Funcionários da ProPublica entram em greve sobre política de IA, demissões e salários

Pontos principais
- Cerca de 150 funcionários da ProPublica iniciaram uma greve de 24 horas na quarta-feira.
- As demandas do sindicato incluem salvaguardas sobre o uso de IA, disciplina de "justa causa", proteções contra demissões e aumentos salariais.
- O sindicato apresentou uma denúncia de prática de trabalho desleal sobre uma política de IA recentemente introduzida considerada unilateral.
- A gestão da ProPublica não respondeu a pedidos de comentário.
- O sindicato pede aos leitores que evitem o conteúdo da ProPublica durante a linha de piquete digital.

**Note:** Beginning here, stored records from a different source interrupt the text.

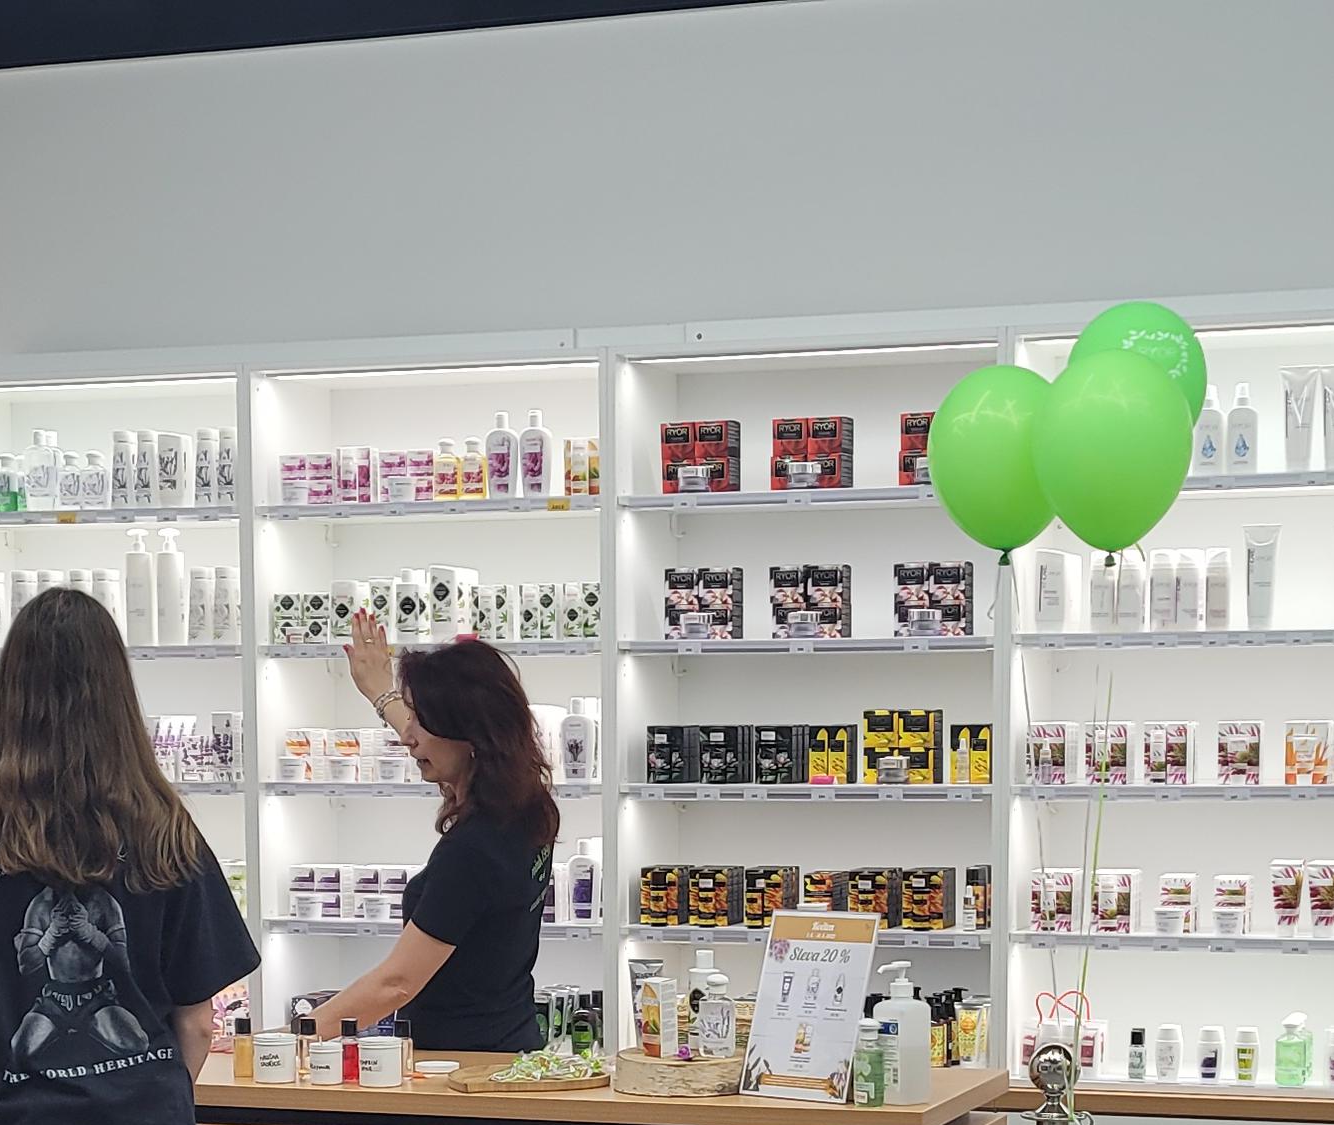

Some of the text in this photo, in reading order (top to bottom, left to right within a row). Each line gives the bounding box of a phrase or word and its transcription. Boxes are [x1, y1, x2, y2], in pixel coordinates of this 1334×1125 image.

[813, 421, 836, 432] RYOR
[906, 417, 928, 428] RYOR
[667, 426, 688, 437] RYOR
[699, 424, 722, 435] RYOR
[778, 423, 801, 433] RYOR
[705, 573, 726, 582] RYOR
[776, 571, 797, 580] RYOR
[814, 571, 835, 580] RYOR
[899, 569, 922, 578] RYOR
[936, 568, 958, 577] RYOR
[670, 574, 692, 582] RYOR
[790, 946, 851, 964] Sleva 20 %
[40, 1066, 87, 1080] ORLD
[93, 1047, 174, 1075] HERITAGE
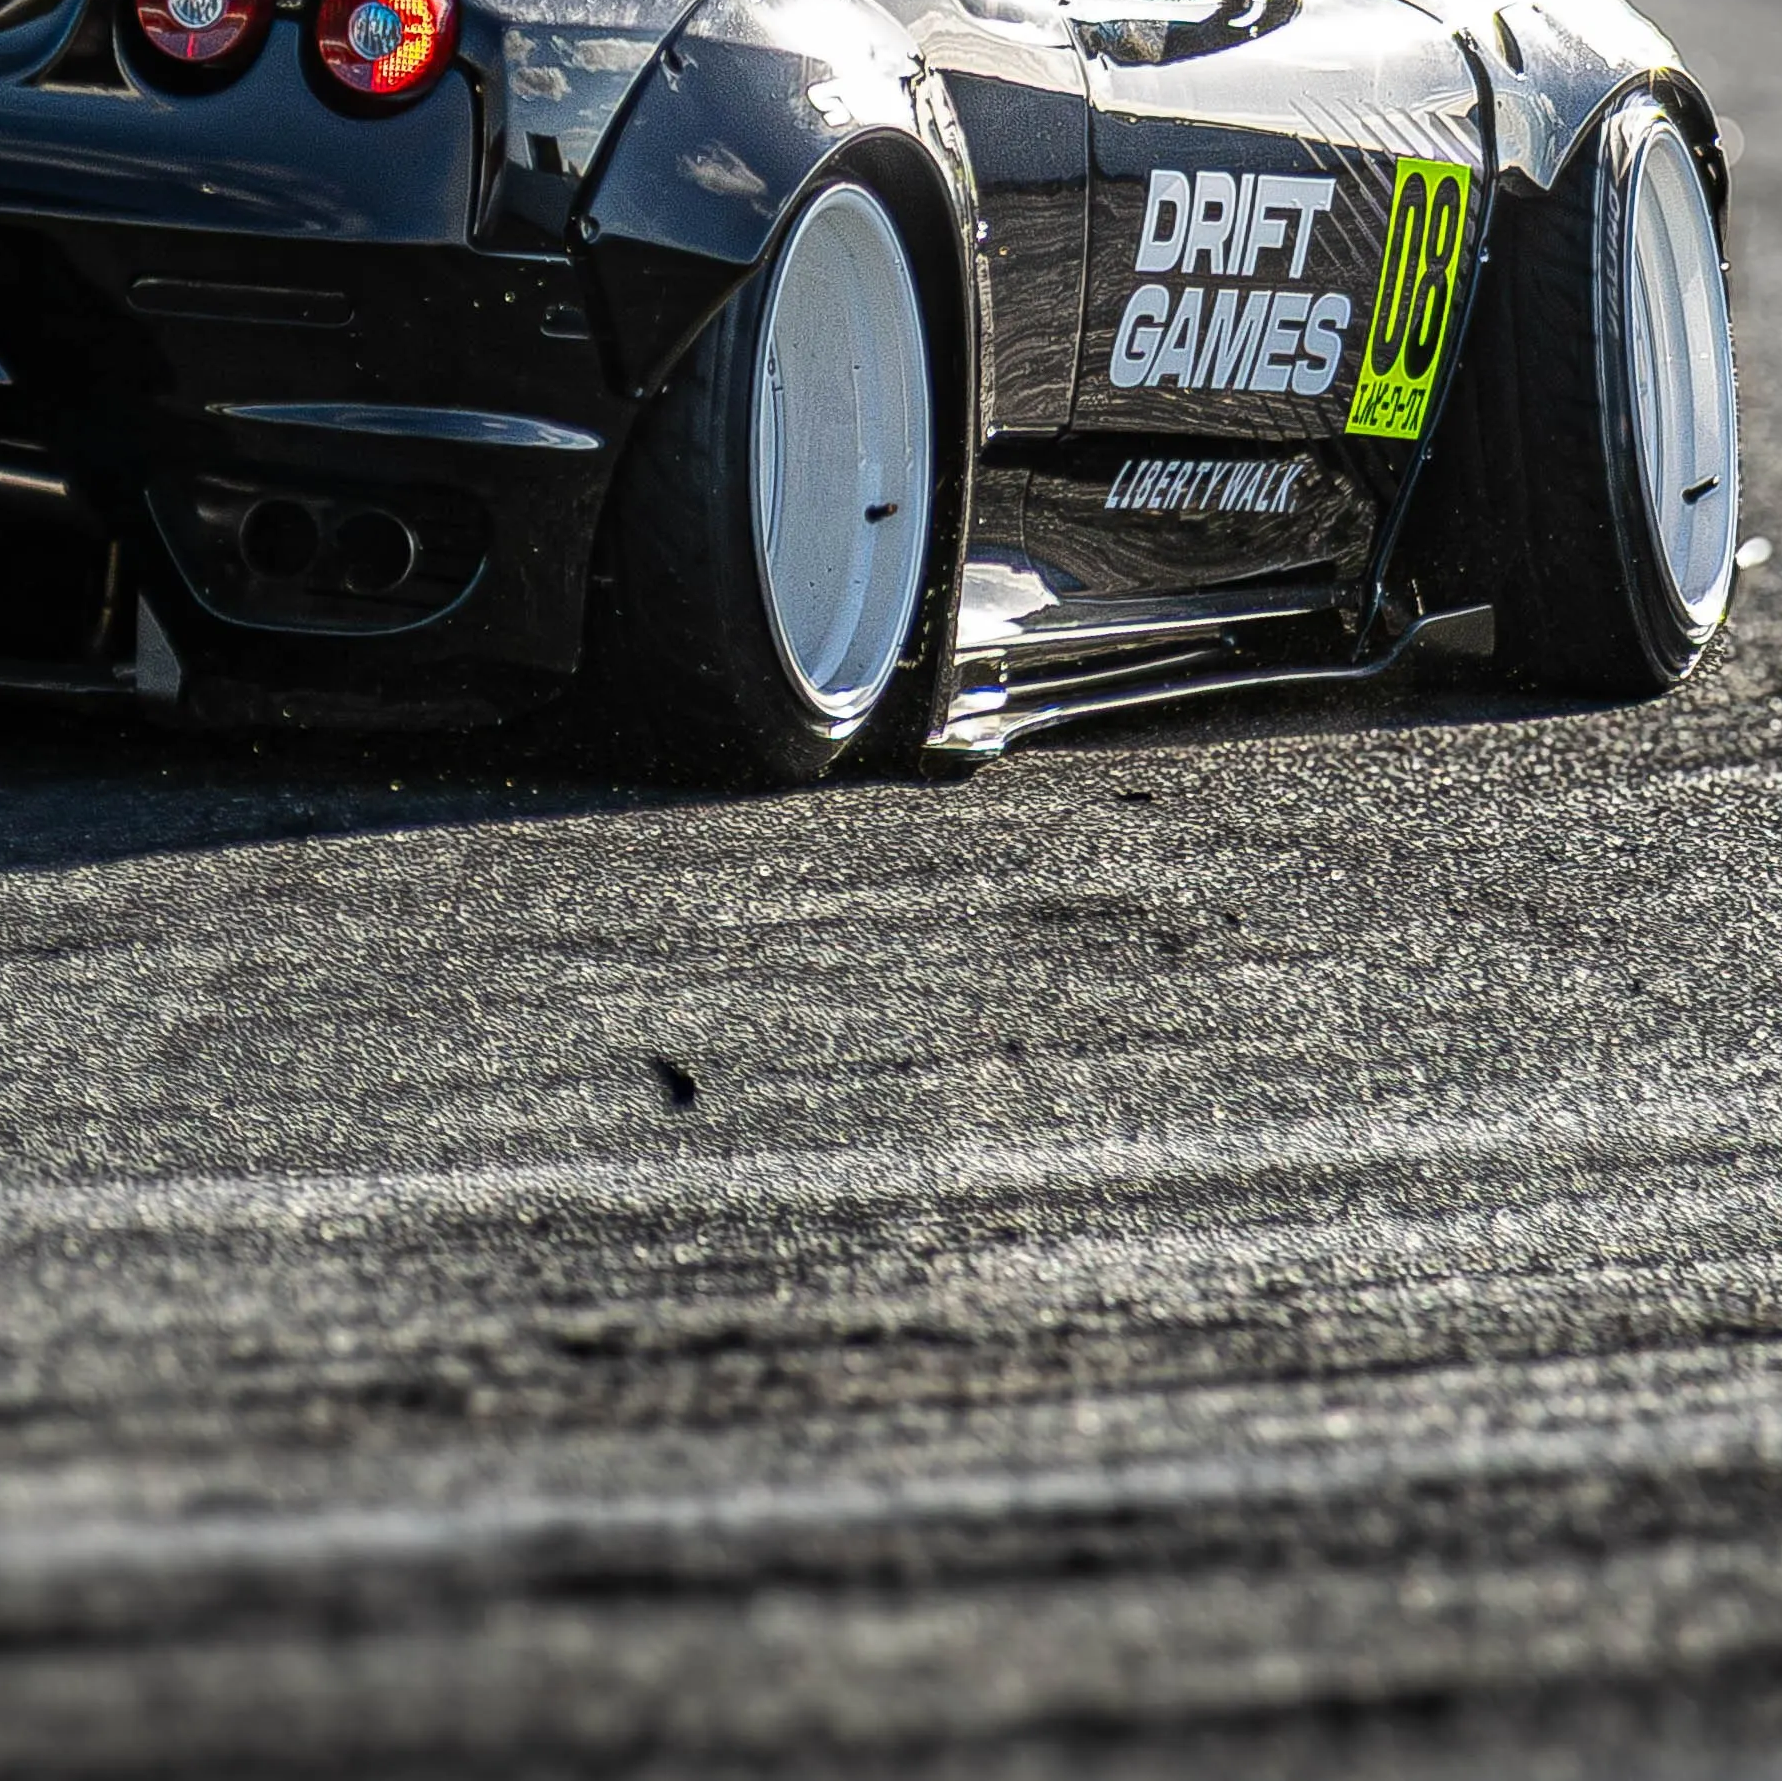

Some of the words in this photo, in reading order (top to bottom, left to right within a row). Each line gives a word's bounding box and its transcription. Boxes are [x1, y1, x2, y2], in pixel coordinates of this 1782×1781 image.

[1134, 168, 1337, 279] DRIFT
[1370, 171, 1461, 380] 08
[1109, 284, 1352, 395] GAMES

Cerca de 150 membros do Sindicato da ProPublica paralisaram o trabalho por 24 horas na quarta-feira, exigindo salvaguardas sobre o uso de inteligência artificial, proteções mais fortes contra demissões, regras de disciplina de "justa causa" e salários mais altos.
Cerca de 150 jornalistas, editores e funcionários de apoio da ProPublica, uma das principais salas de imprensa sem fins lucrativos do país, iniciaram uma paralisação de 24 horas na quarta-feira. A paralisação marca a primeira ação importante desde que o pessoal da sala de imprensa se sindicalizou em 2023 e segue uma votação em março que autorizou o sindicato a entrar em greve se as negociações coletivas de trabalho estagnassem.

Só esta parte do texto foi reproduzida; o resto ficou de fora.